June 2013
6 posts

Tomorrow I’ll be in Rochester, NY, to read poems for the Deep Fried Poetry Series w/ Jess Grover, Nate Pritts, and Tricia Asklar.
Earlier today I asked Facebook ‘what should I do in Rochester’ and more than one person answered ‘garbage plate.’ I googled ‘garbage plate’ and discovered that it’s a Rochester famous dish, Wikipedia say the Garbage Plate (it just seems like it should be capitalized) is:
“a combination of two selections of cheeseburger, hamburger, red hots, white hots,Italian sausage, chicken tender, fish (haddock), fried ham, grilled cheese, or eggs; and two sides of either home fries, French fries, baked beans, or macaroni salad. On top of that are the options of mustard and onions, and Nick’s proprietary hot sauce, a sauce with spices and slowly simmered ground beef. It’s served with rolls or Italian toast on the side, fresh from the bakery next door.”
Also:
“Health.com named the Garbage Plate the fattiest food in the state of New York.”
The Garbage Plate is pictured above. I have been thinking about it all day. I looked at at least 20+ different photos of this thing before I went to work. I feel interested in the phenomena where people (included: self) are compelled by a thing primarily because of its impossibility and perhaps total uselessness. I am not saying it does not taste really good, but, the novelty (and charm? CHARM, yes?) of the thing seems to be that it is so unnecessary yet confronts us with its existence.
I don’t really want to eat one tomorrow but I AM going to find one to look at.
If you live around Rochester, come to The Yards tomorrow at 7 pm. We can talk about this.
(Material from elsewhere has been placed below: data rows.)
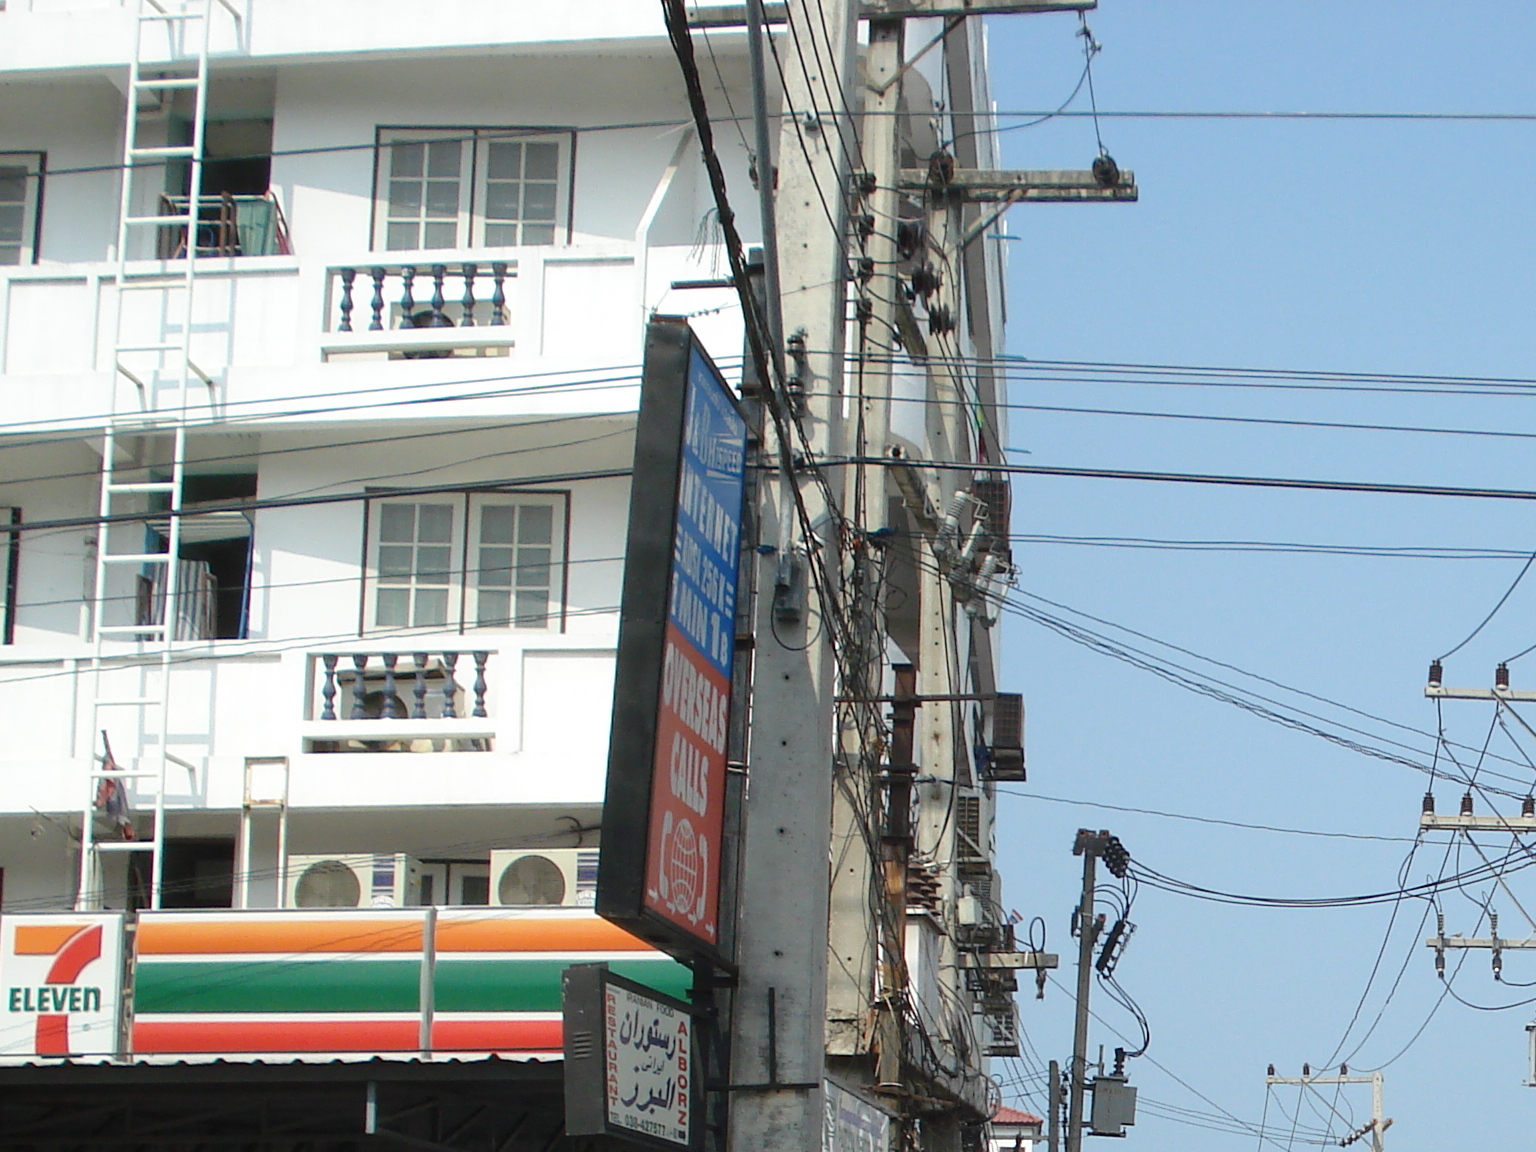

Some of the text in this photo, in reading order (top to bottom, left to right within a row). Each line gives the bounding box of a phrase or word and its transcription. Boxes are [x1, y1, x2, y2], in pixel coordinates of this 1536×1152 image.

[678, 457, 737, 569] INTERNET
[678, 580, 708, 649] MIN
[664, 641, 728, 755] OVERSEAS
[670, 731, 709, 817] CALLS
[8, 986, 101, 1012] ELEVEn
[14, 924, 103, 1054] 7
[656, 1003, 674, 1018] FOOD
[606, 994, 618, 1106] RESTAURANT
[620, 1009, 676, 1061] رستوران
[678, 1021, 688, 1126] ALBORZ
[620, 1066, 676, 1114] البرز
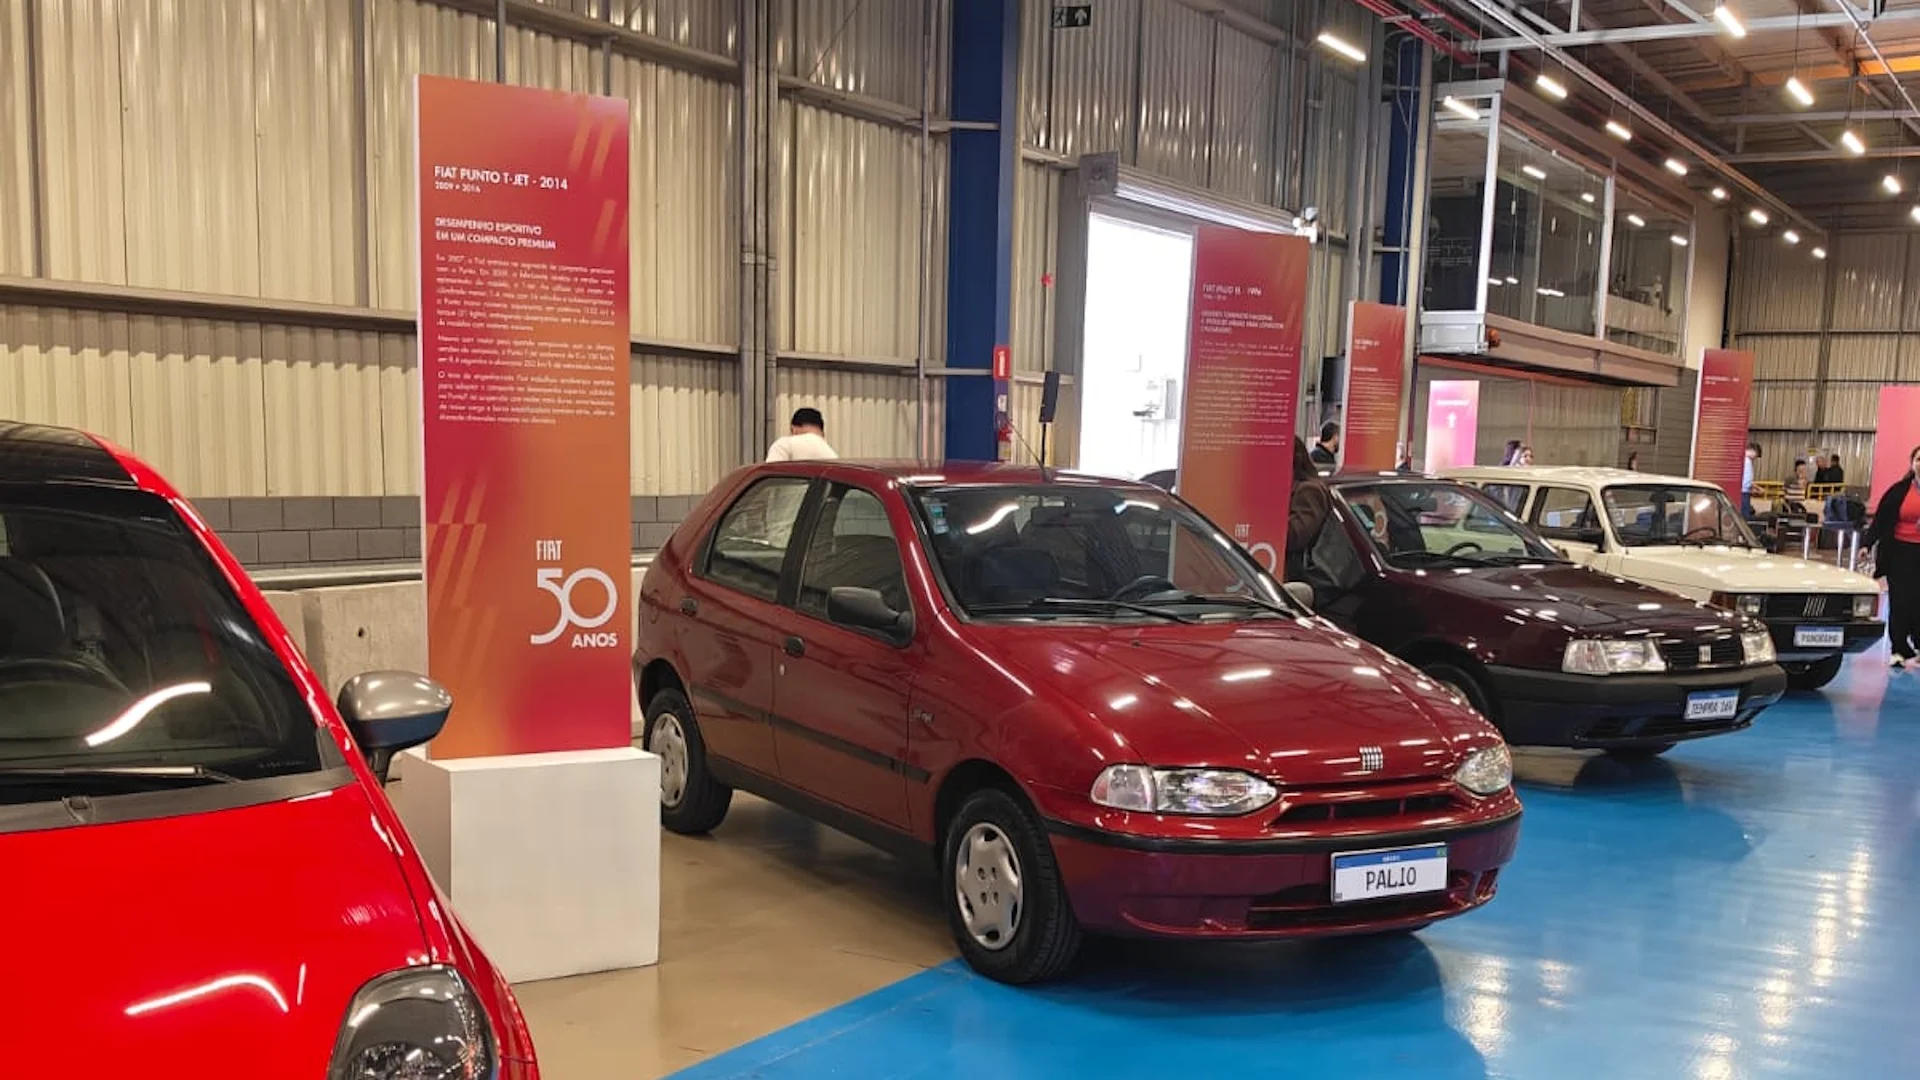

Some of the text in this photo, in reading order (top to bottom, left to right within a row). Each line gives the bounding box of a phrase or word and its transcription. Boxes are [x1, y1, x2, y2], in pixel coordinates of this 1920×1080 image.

[435, 166, 457, 179] FIAT
[460, 168, 500, 184] PUNTO
[503, 172, 529, 186] T-JET
[540, 176, 568, 190] 2014
[435, 217, 542, 236] DESEMPENHO ESPORTIVO
[436, 231, 556, 250] EM UM COMPACTO PREMIUM
[536, 540, 562, 561] FIAT
[531, 567, 618, 645] 50
[572, 633, 618, 648] ANOS
[1366, 867, 1417, 891] PALIO
Thank you to The Fiddleback for publishing some pieces from a very long poem I wrote called PANIC CHORUS in their June issue. The poem is a lot for Peter Gizzi. Click to read its parts.
May 2013
4 posts
what is so remarkable about my new apartment at the end of a cul-de-sac is the total silence after ~9pm. occasionally, crickets.
I’m writing something on Rosmarie Waldrop, can you help? Can you link me to essays/writings on her poetics, with BONUS if specifically on CURVES TO THE APPLE? Need not be “full-on scholarly,” semi-scholarly preferred.
In short: what are some essays on Waldrop that helped you learn something?
April 2013
9 posts
Gulf Coast is a Journal of Literature and Fine Arts published by the University of Houston in Houston, Texas.
Happy to be in this really good great new GULF COAST w/ people like Joshua Young, Eula Biss, Traci Brimhall, Ada Limon, Danniel Schoonebeek + many others
Ever since I posted about mailing special things to people who purchase my book this month from SPD, so many of you have! Thank you!
I want to send you your things but I don’t have yr addresses! So, if you purchased YOU ARE NOT DEAD this month, and would like a surprise-poetry-thing from me, please email extrahumanarchitecture@gmail.com with your mailing address!
Then I will make you something special and send it.
Then I will feel even happier than I already do.
There are still 10 days left in April and 19 copies of YOU ARE NOT DEAD left at SPD if you’d like one!
is that for the rest of this month, poetry month after all, if you order a copy of YOU ARE NOT DEAD from Small Press Distribution, I will send you something in the mail. It will be something you like, hopefully. They will all be different things but may relate (and are not limited) to:
poetry
the weather
book arts
strategies for combating loneliness
other people
historical photographs
human connection
colors
When you order a copy, send me an email to extrahumanarchitecture@gmail.com with your address. Or hit forward on the convenient receipt SPD will send you, because then you have to type less.
If we know each other I will be delighted to send you the thing I will send. If we don’t, I will be even happier.
It will be a surprise what I send to both you and to me. The surprise will be our very own special shared thing.

from Analicia Sotelo’s review of my first book, YOU ARE NOT DEAD, up today at LitBridge. Thank you Analicia, thank you LitBridge!
The book is available now from Small Press Distribution!
Happy to be here this first day of April at DIGITAL ROOTS READING SERIES, an online place for videos of poets reading poems:
I read “Never Again the Same” by James Tate, a very important poem to me and to others, plus the first poem from YOU ARE NOT DEAD, just out from Cleveland State University Poetry Center. Thank you Jason Bradford for this new project. Count with me how many times I say “Umm” because poetry makes me nervous.